The designated initiative has a fairly wide range of positive aspects for patient care. Often, people receive noticeable benefits, as well as reducing the risks of possible undesirable events and phenomena, in particular those associated with taking medications (Choi & Kim, 2019). Proper medication is a responsible matter and it depends on whether the drugs will help a person cope with the disease and how quickly it will happen.
Health Care Agency
Furthermore, it is also worth noting such a crucial moment as the relationship of a specific intervention with a Health Care Agency. At least, the “service provider” agrees and approves medicines intended to treat sick people. This is caused by a particular concern for the country’s individuals, well-being, and prosperity. Patients can use the prescribed medical products with complete confidence, without fear of further outcomes.
Utilizing medicine rehabilitation, at best, should enter the practice of nurses in each of the regions of the United States. Unfortunately, the tendency to use this solution is not so common in modern medical practice (Krivanek, 2019). In particular, this process is not even covered in specialized educational institutions where future nurses study (Krivanek, 2019). Due to this intervention, the coordination and control of medication intake methods will be adjusted, and the problem of re-hospitalization should be “mitigated.”
Choi, Y. J., & Kim, H. (2019). Effect of pharmacy‐led medication reconciliation in emergency departments: A systematic review and meta‐analysis. Journal of Clinical Pharmacy and Therapeutics, 44(6), pp. 932-945. Web.
Dautzenberg, L., Bretagne, L., Koek, H. L., Tsokani, S., Zevgiti, S., Rodondi, N.,… & Knol, W. (2021). Medication review interventions to reduce hospital readmissions in older people. Journal of the American Geriatrics Society, 69(6), pp. 1646-1658. Web.

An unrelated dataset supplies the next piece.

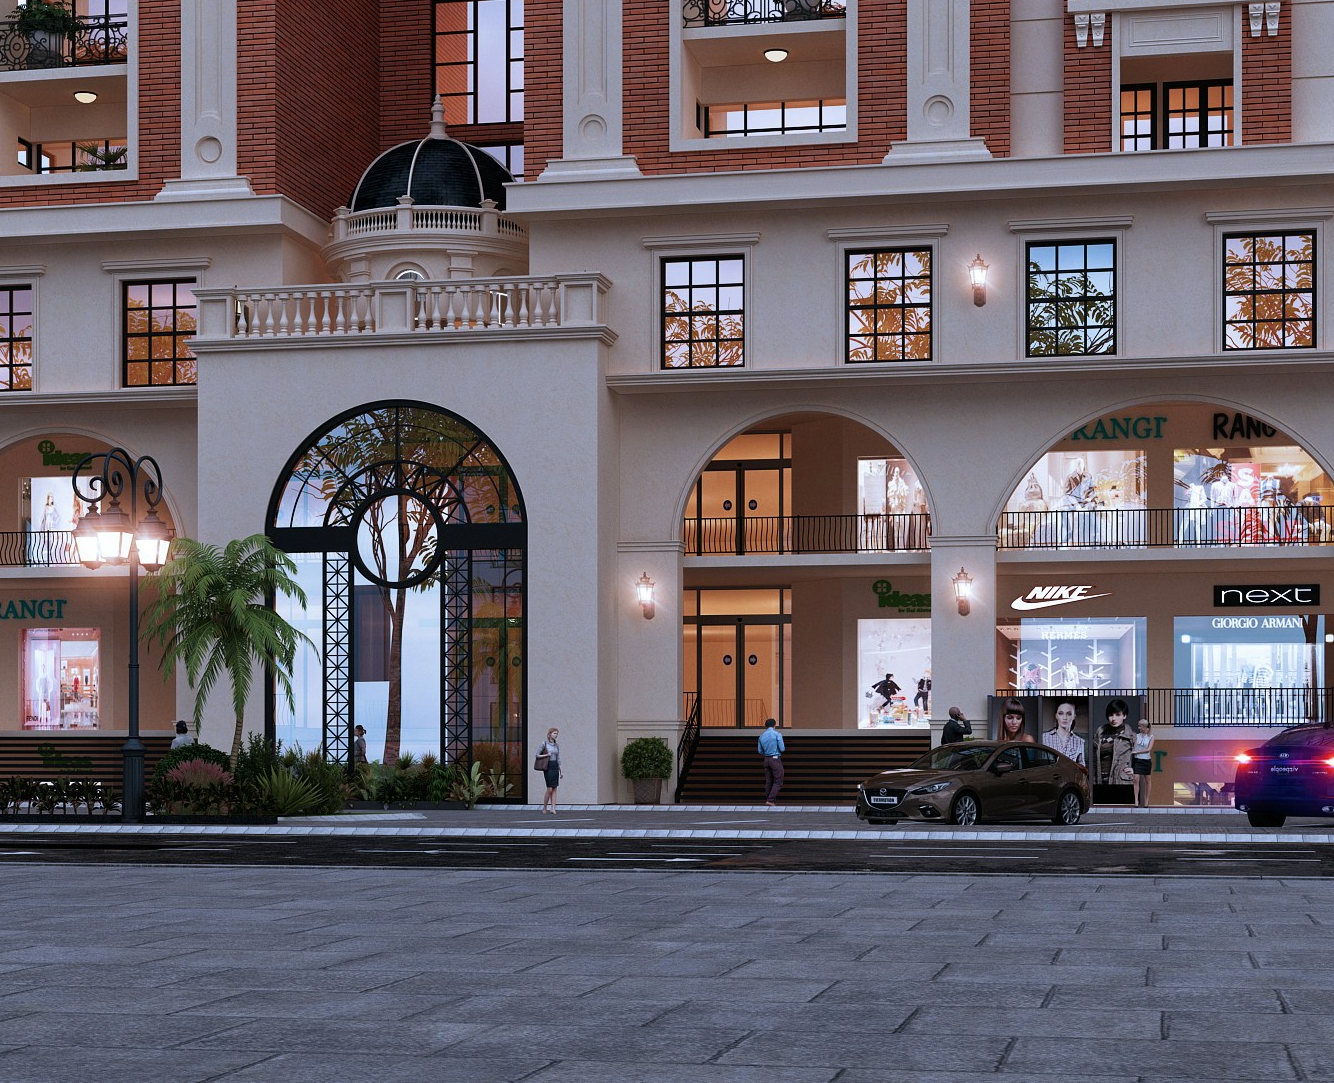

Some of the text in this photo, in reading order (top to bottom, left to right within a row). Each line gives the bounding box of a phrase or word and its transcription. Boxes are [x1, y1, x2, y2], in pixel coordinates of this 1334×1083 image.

[1025, 585, 1093, 600] NIKE
[1221, 587, 1312, 604] next
[1212, 618, 1303, 628] GIORGIO ARMANI

Glans, M., Kragh Ekstam, A., Jakobsson, U., Bondesson, Å., & Midlöv, P. (2020). Risk factors for hospital readmission in older adults within 30 days of discharge–a comparative retrospective study. BMC Geriatrics, 20(1), pp. 1-12. Web.
Krivanek, M. J., Dolansky, M. A., Kukla, A., Ramic, M., Guliano, J., Waite, P., & Small, D. (2019). Perspectives from academic and practice leaders on nursing student’s education and role in medication reconciliation. Journal of Professional Nursing, 35(2), pp. 75-80. Web.
Patel, E., Pevnick, J. M., & Kennelty, K. A. (2019). Pharmacists and medication reconciliation: a review of recent literature. Integrated Pharmacy Research & Practice, 8, p. 39. Web.
The importance of medication reconciliation. (2018). Meritus Health. Web.
Upadhyay, S., Stephenson, A. L., & Smith, D. G. (2019). Readmission rates and their impact on hospital financial performance: a study of Washington hospitals. Inquiry: The Journal of Health Care Organization, Provision, and Financing, 56, pp. 1-10. Web.